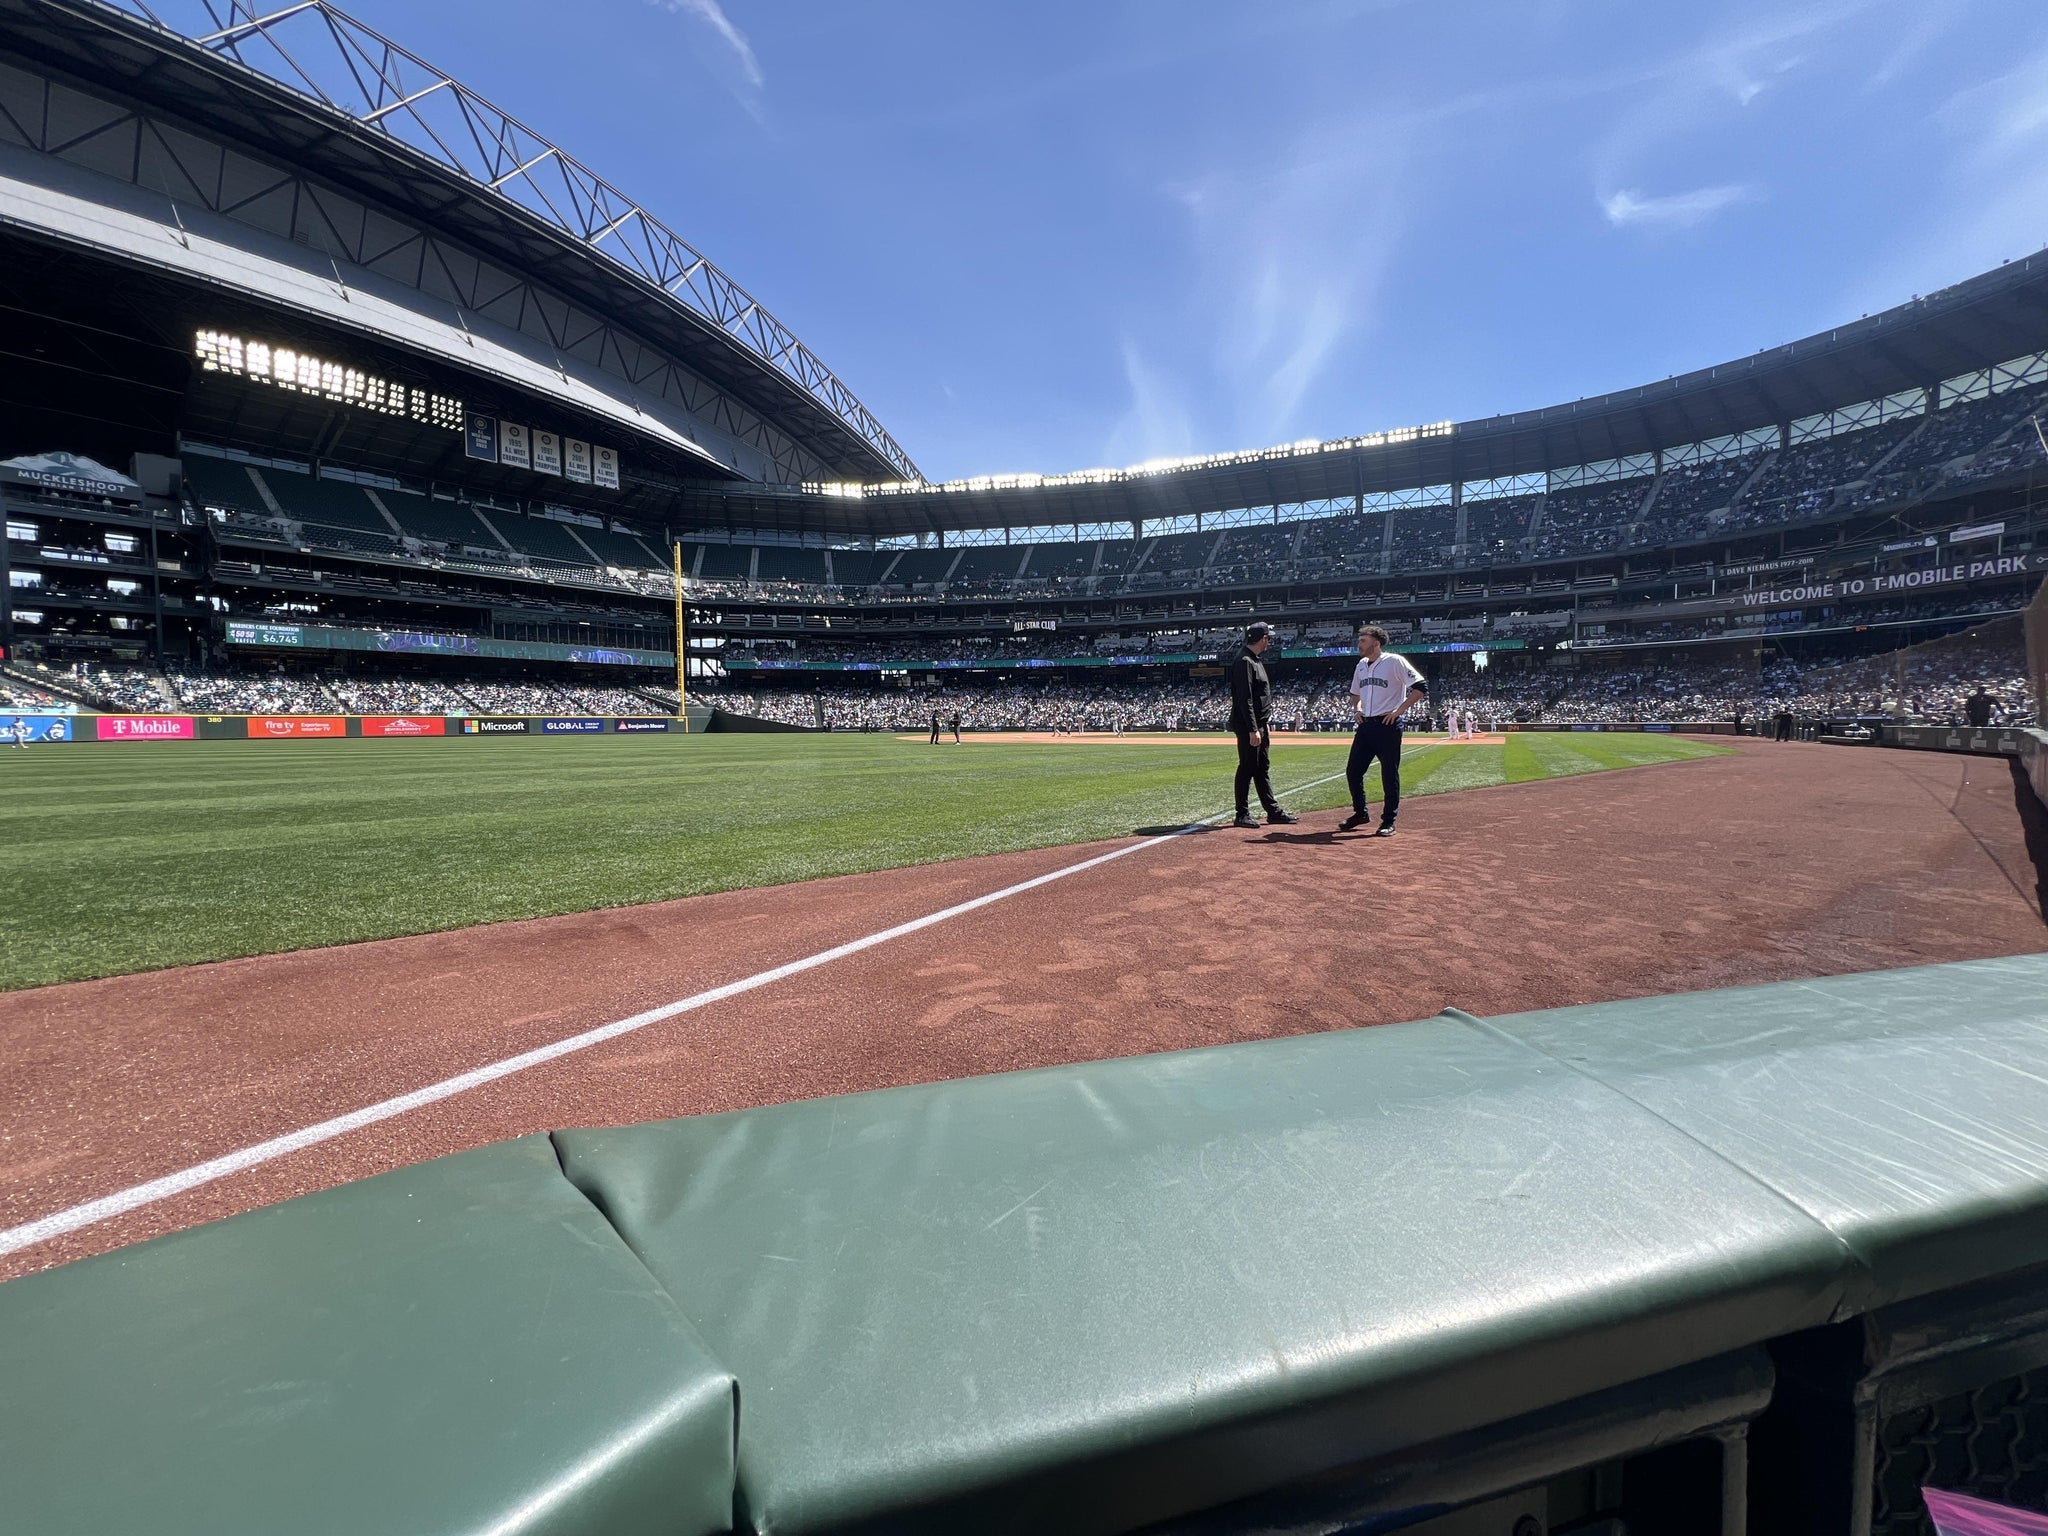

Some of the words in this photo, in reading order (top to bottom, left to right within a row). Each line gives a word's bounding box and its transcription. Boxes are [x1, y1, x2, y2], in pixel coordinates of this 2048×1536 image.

[503, 454, 529, 465] CHAMPIONS
[535, 461, 560, 472] CHAMPIONS
[567, 469, 590, 479] CHAMPIONS
[18, 470, 126, 492] MUCKLESHOOT
[39, 481, 74, 489] INDIAN
[596, 476, 618, 485] CHAMPIONS
[1727, 566, 1745, 575] DAVE
[1747, 562, 1779, 573] NIEHAUS
[1780, 558, 1814, 568] 1977-2010
[1744, 584, 1834, 605] WELCOME
[1840, 580, 1864, 595] TO
[1872, 565, 1965, 590] T-MOBILE
[1970, 555, 2027, 577] PARK
[1041, 621, 1056, 631] CLUB
[130, 720, 180, 733] Mobile
[481, 722, 525, 731] Microsoft

Exercise details: From the entries above, write out every line without a single change, skipping the images.

Exercise response:
Some of the words in this photo, in reading order (top to bottom, left to right within a row). Each line gives a word's bounding box and its transcription. Boxes are [x1, y1, x2, y2], in pixel coordinates of this 2048×1536 image.

[503, 454, 529, 465] CHAMPIONS
[535, 461, 560, 472] CHAMPIONS
[567, 469, 590, 479] CHAMPIONS
[18, 470, 126, 492] MUCKLESHOOT
[39, 481, 74, 489] INDIAN
[596, 476, 618, 485] CHAMPIONS
[1727, 566, 1745, 575] DAVE
[1747, 562, 1779, 573] NIEHAUS
[1780, 558, 1814, 568] 1977-2010
[1744, 584, 1834, 605] WELCOME
[1840, 580, 1864, 595] TO
[1872, 565, 1965, 590] T-MOBILE
[1970, 555, 2027, 577] PARK
[1041, 621, 1056, 631] CLUB
[130, 720, 180, 733] Mobile
[481, 722, 525, 731] Microsoft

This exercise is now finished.